Reviews about restaurants were generated with the help of recurrent neural networks (deep training techniques), which previously trained on thousands of real reviews available on the Web.
According to the researchers, the generated responses were virtually indistinguishable from the real ones. So, the authors of the work showed that users not only did not recognize fake reviews, but also considered them as useful as real ones written by people.
The last, probably, guards most of all. Since this essentially means that the testimonials written by AI perform their main function – they purposefully influence people’s opinion.
It is noted that in such reviews, plagiarism was rarely found (with the help of software). This is due to the fact that the AI generated them knowingly, and did not pull out the words from these reviews.

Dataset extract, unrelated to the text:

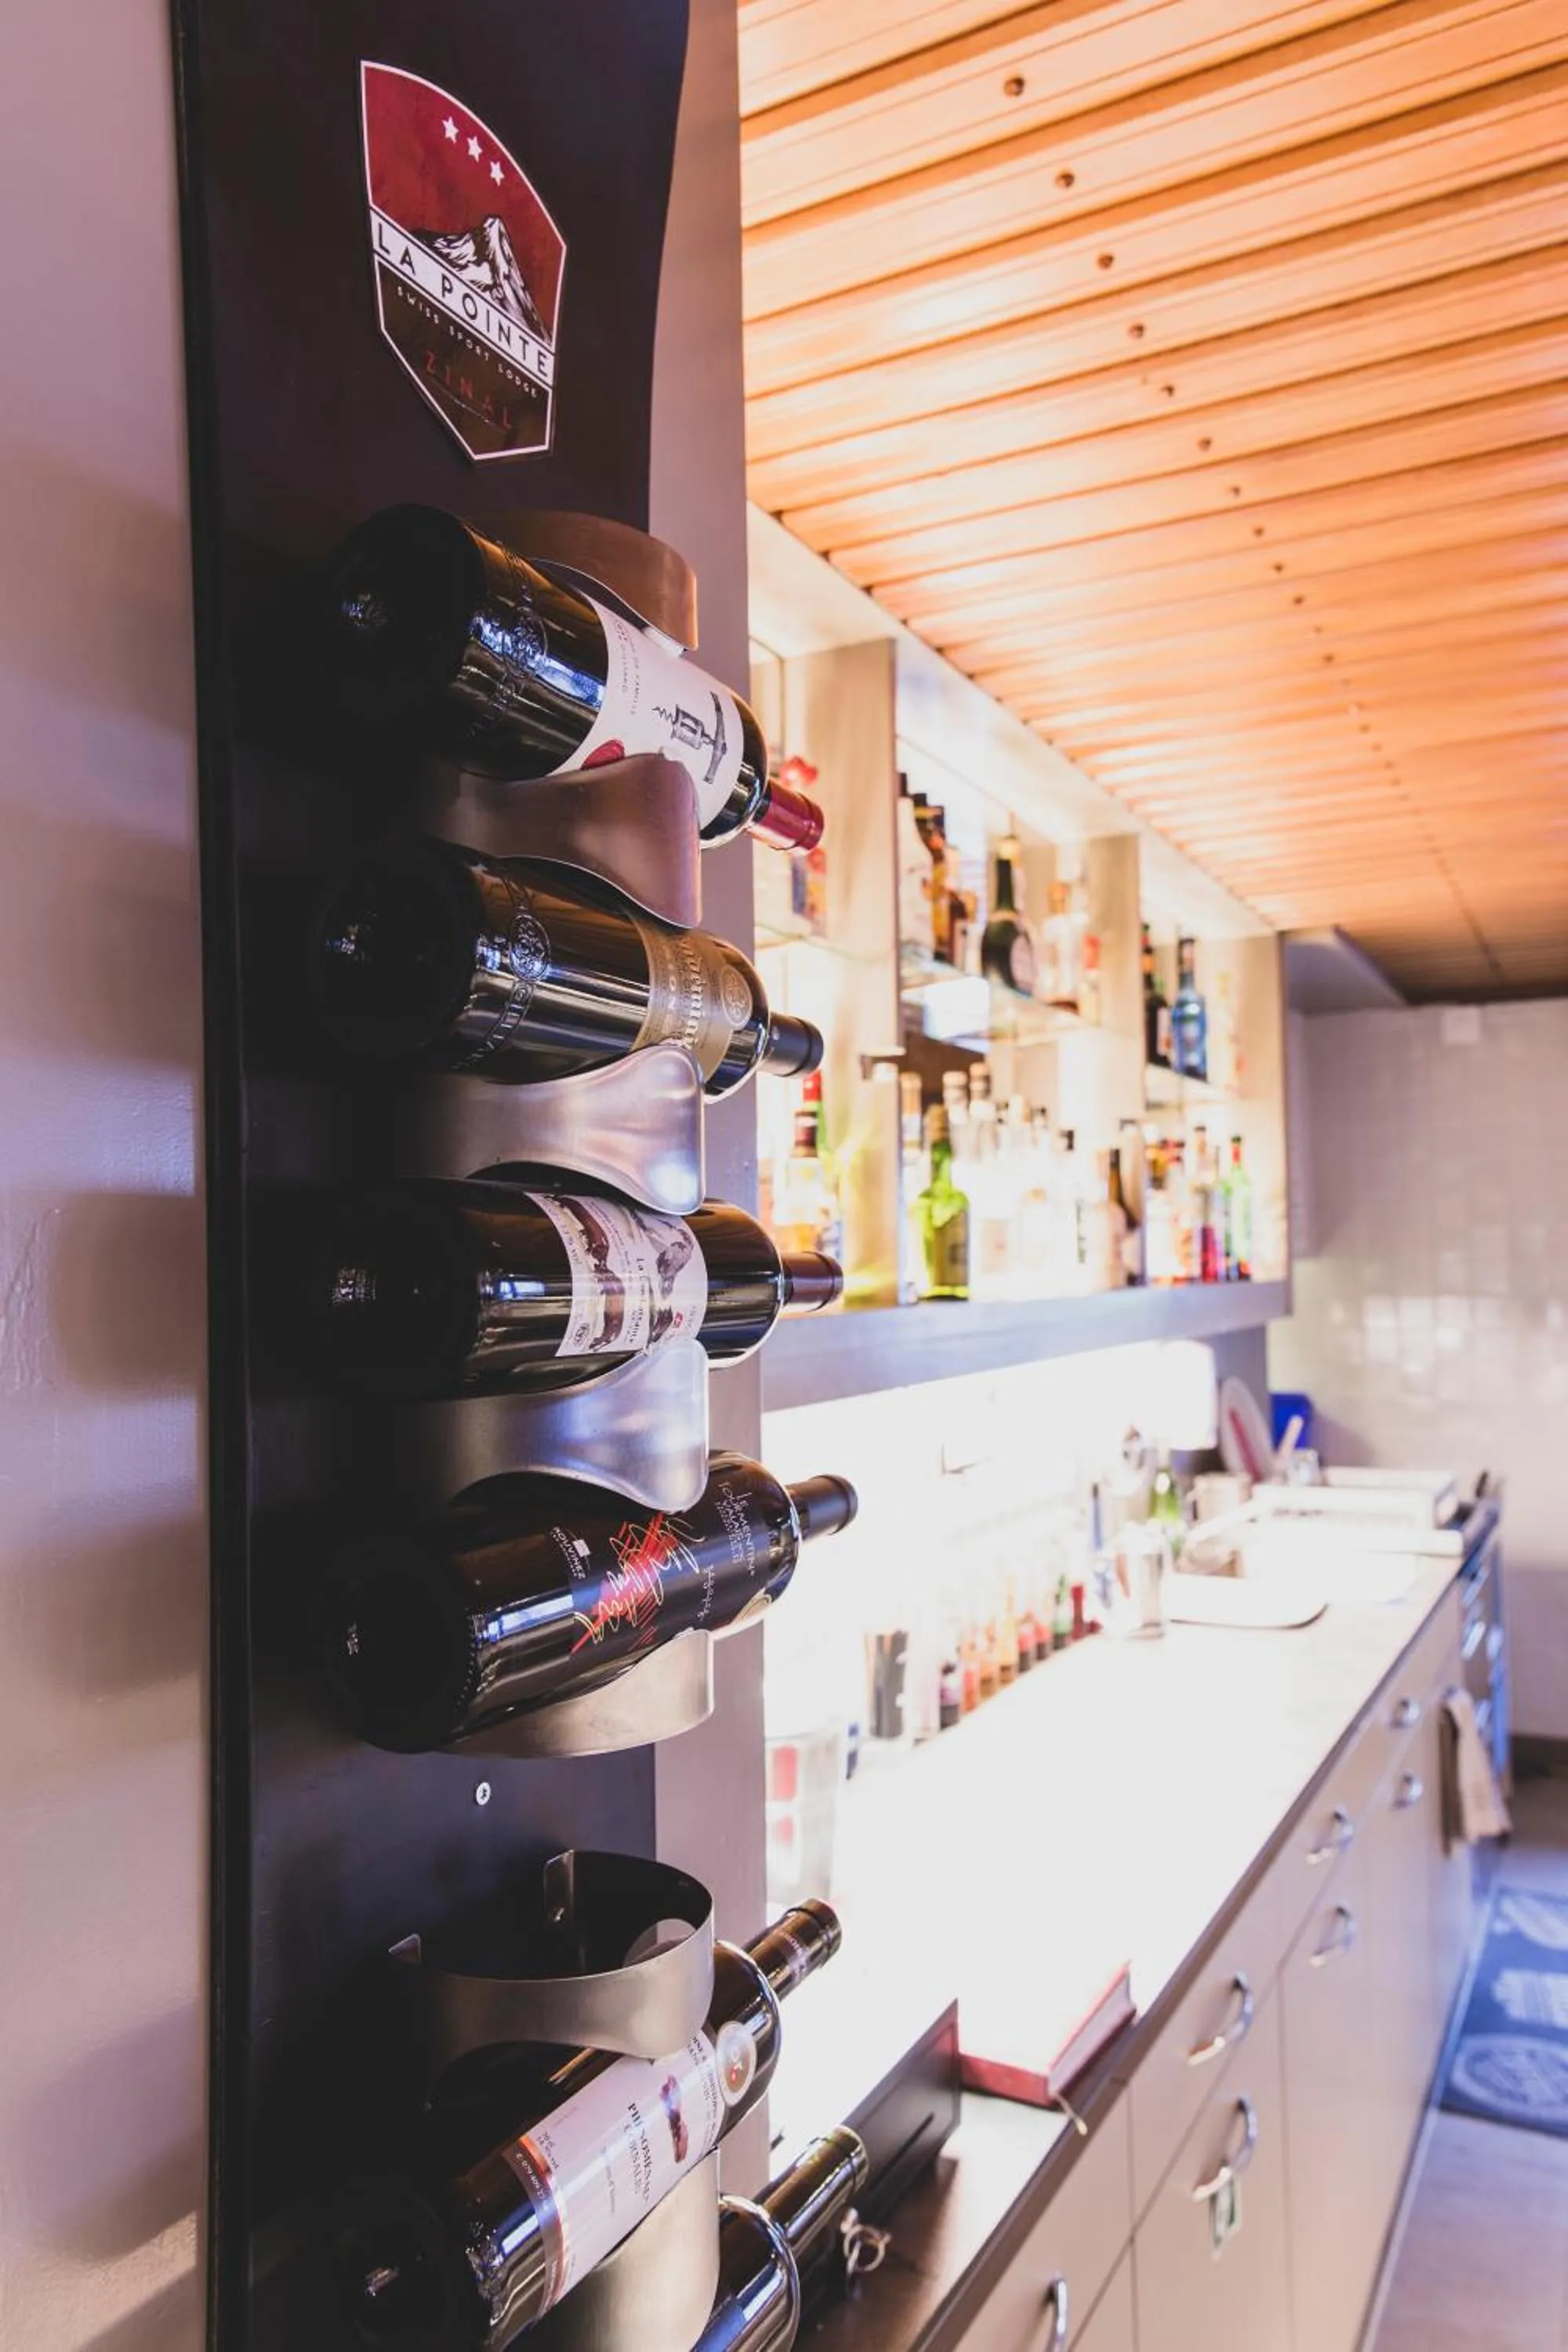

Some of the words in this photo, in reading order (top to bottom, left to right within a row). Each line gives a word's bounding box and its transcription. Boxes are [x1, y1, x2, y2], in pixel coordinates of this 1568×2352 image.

Today there is a fairly large underground industry for writing fake reviews by people (for money). However, as Professor of the University of Chicago Ben Zhao (Ben Y. Zhao) in an interview with Business Insider, the implementation of AI can undermine it. The scientist says that he does not yet know about the use of such algorithms in this industry. But there is no guarantee that someone will not come up with something similar and will not use for mercenary purposes.

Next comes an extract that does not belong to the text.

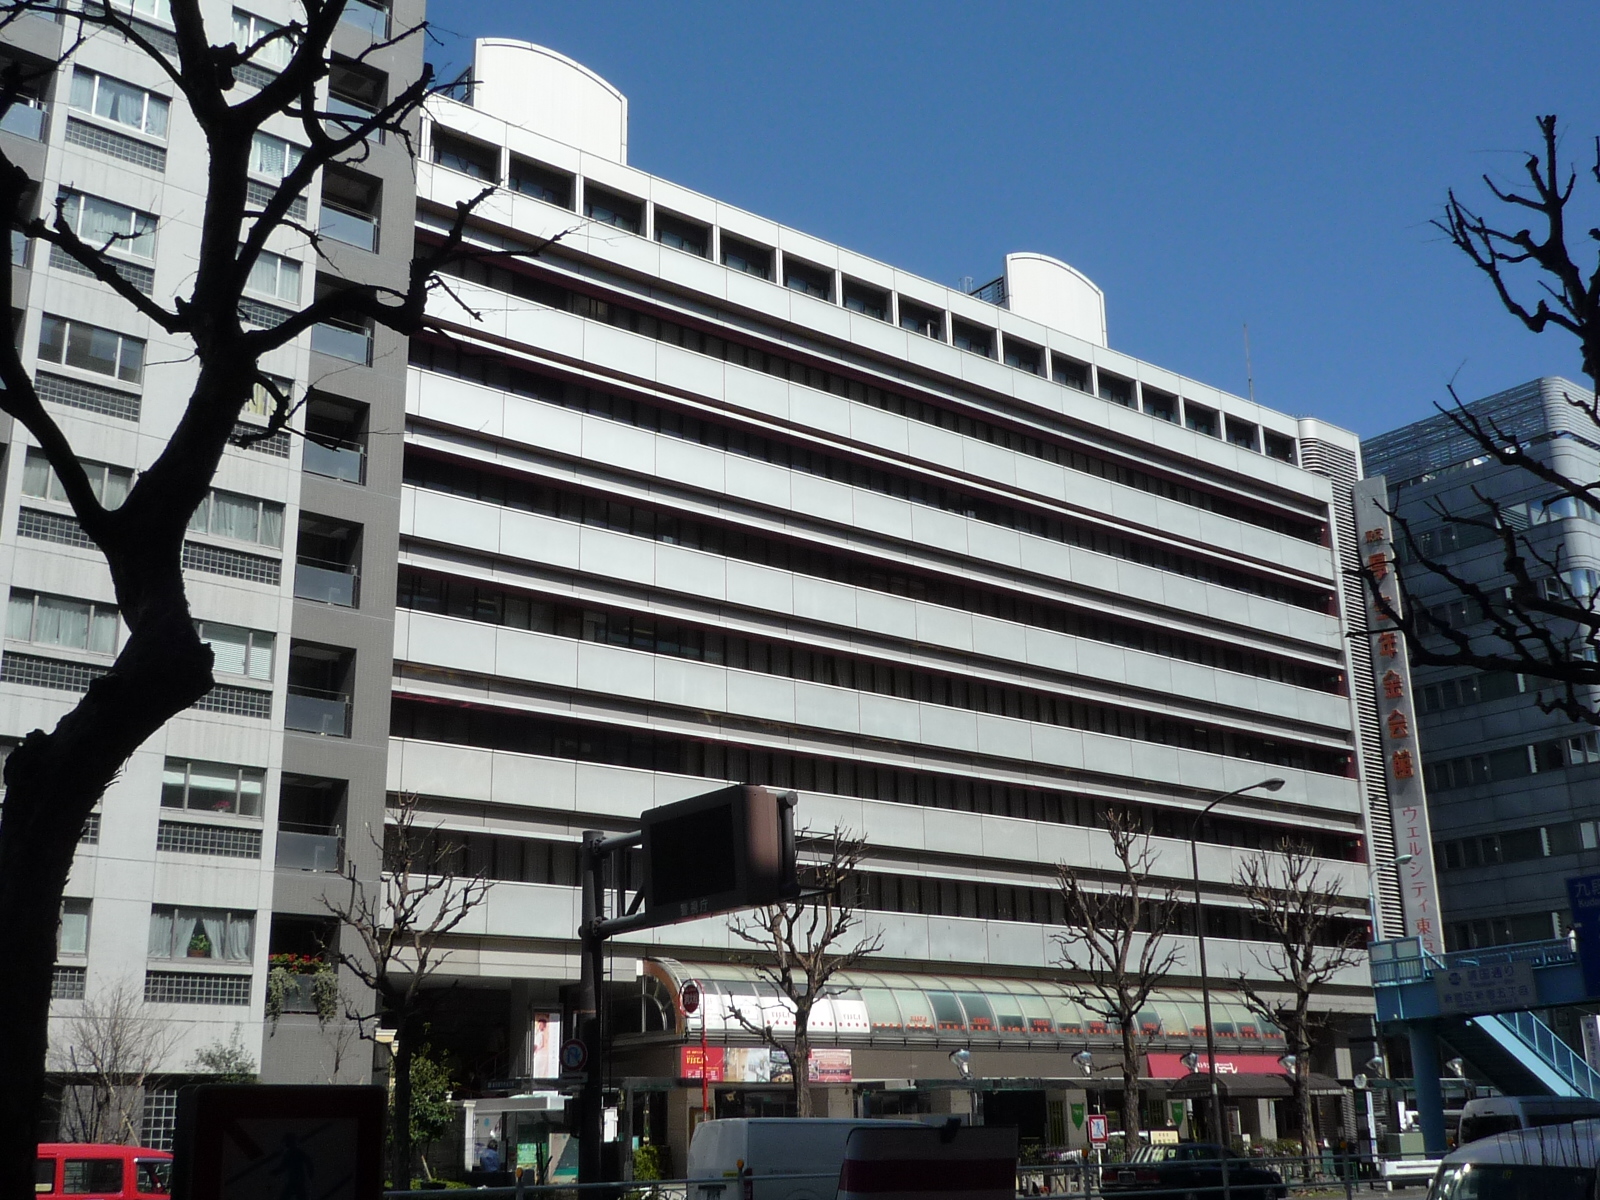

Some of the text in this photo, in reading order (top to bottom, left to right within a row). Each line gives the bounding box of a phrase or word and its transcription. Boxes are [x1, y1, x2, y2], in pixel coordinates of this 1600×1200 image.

[1402, 806, 1436, 955] ウェルシティ東京

At the same time, researchers write that the responses of the neural network were still not ideal. It turned out that the algorithm used a smaller set of characters – and it was not difficult to notice. However, according to the authors of the work, future neural networks can be even more complex, and, accordingly, the responses generated by them will be more difficult to detect.
Jao notes that it’s not just about fake reviews about restaurants: such technologies can generally shake our beliefs about what is real and what is not.